Apart from the fact that it has been shaped by process, this type of house embodies the character of its builder as a self-taught builder and hobby craftsman. In his book about the idea of a “collage city”, Colin Rowe contrasts the restricted thinking of the architecte ingenieur with the idea of the bricoleur (tinkerer or hobby craftsman) borrowed from Levi-Strauss’ description of “savage thinking”:
“The ‘bricoleur’ is adept at performing a large number of diverse tasks; but, unlike the engineer, he does not subordinate each of them to the availability of raw materials and tools conceived and procured for the purpose of the project. His universe of instruments is closed and the rules of his game are always to make do with ‘whatever is at hand’, that is to say with a set of tools and materials which is always finite and is also heterogeneous, because [… it] is the contingent result of all the occasions there have been to renew or enrich the stock, or to maintain it with the remains of previous constructions of or destructions. The set of the ‘bricoleur’s’ means [… can] be defined only by its potential use or, putting this another way and in the language of the ‘bricoleur’ himself, because the elements are collected or retained on the principle that ‘they may always come in handy’. Such elements are specialised up to a point, sufficiently for the ‘bricoleur’ not to need the equipment and knowledge of all trades and professions, but not enough for each of them to have only one definite and determinate use. They each represent a set of actual and possible relations; they are ‘operators’, but they can be used for any operation of the same type.” (Levi-Strauss 1966, 17–18)

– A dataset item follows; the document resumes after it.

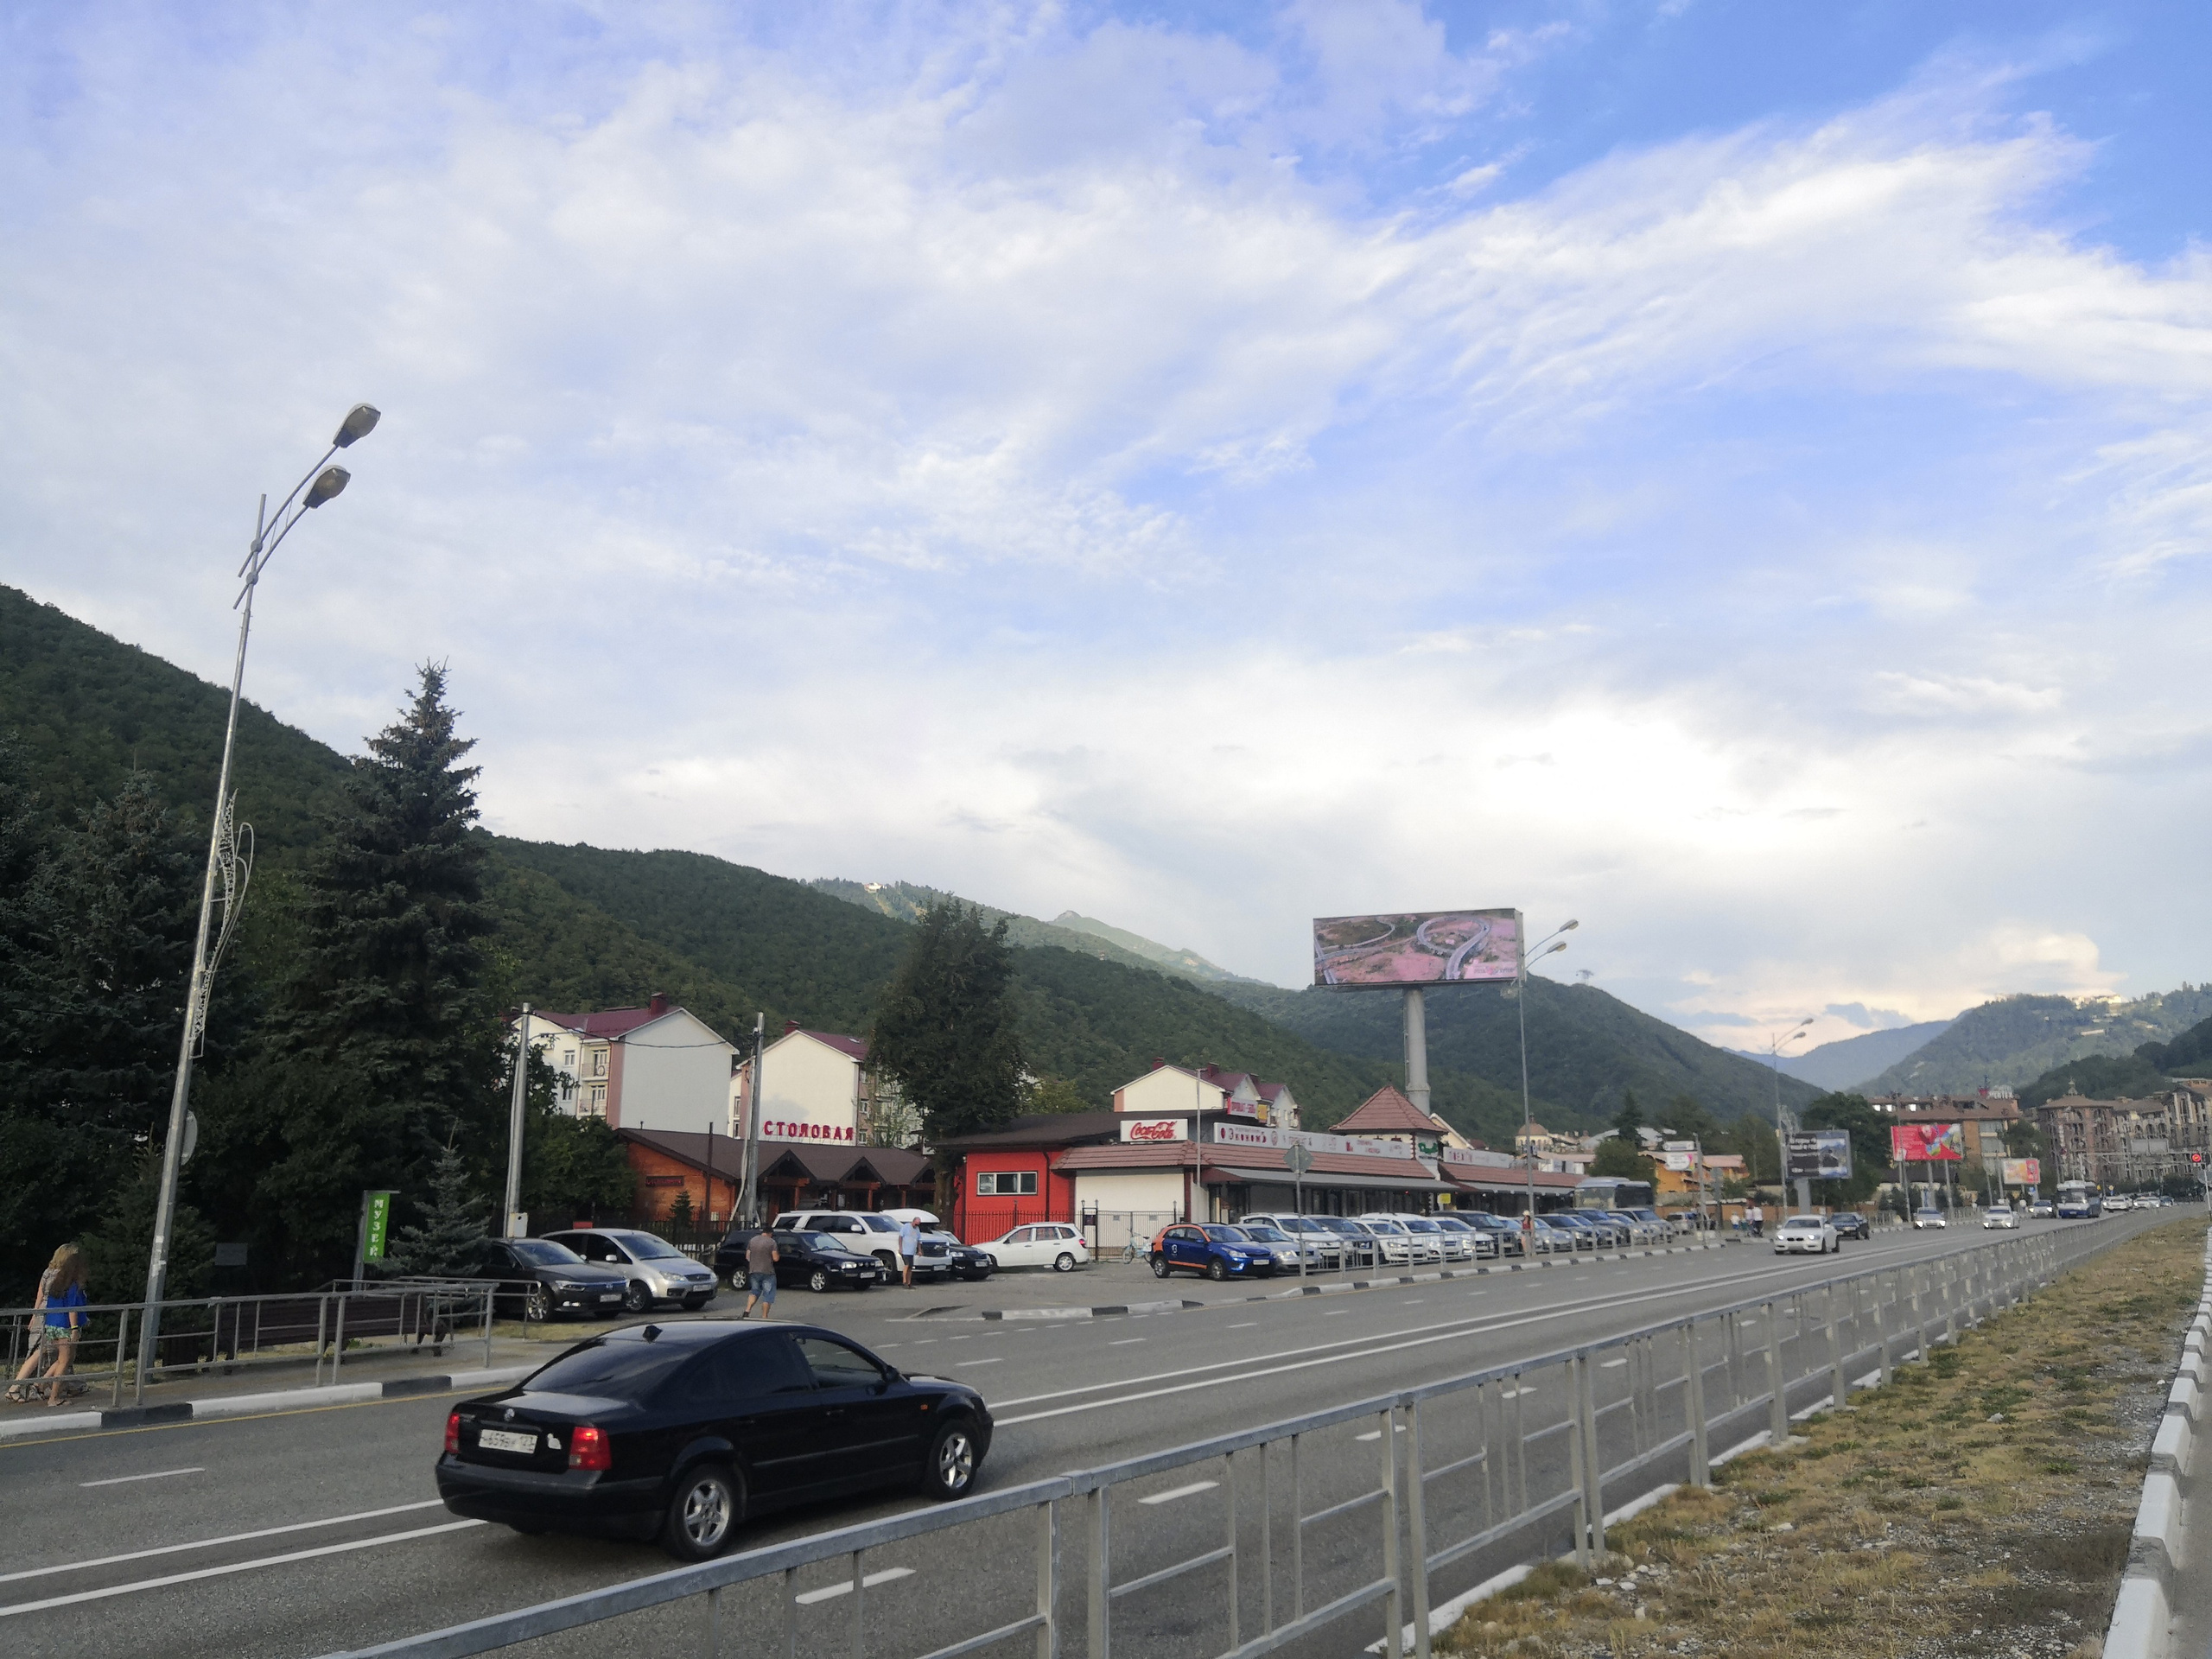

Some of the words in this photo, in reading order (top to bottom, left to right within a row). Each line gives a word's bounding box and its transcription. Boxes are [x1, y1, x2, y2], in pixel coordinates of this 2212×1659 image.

[764, 1121, 854, 1141] СТОЛОВАЯ
[1130, 1121, 1178, 1140] Coca-Cola
[369, 1199, 384, 1256] МУЗЕЙ

This description applies to the way the multi-layer type house is built. It is shaped by an organic growth, in which capabilities and the structurally possible are pushed to the limits of what is architecturally permitted. Due to the time factor, which influences the design, this house type becomes a symbol for change and continual improvement. Floor by floor, the phases of the remigrant’s life, their habits and their changing idea of a dream house can be read like the age rings of a tree – as Glassie describes: “Vernacular is one of the tools we use when we face architectural objects with a wish to crack them open and learn their meanings.” (Glassie 2000, 21)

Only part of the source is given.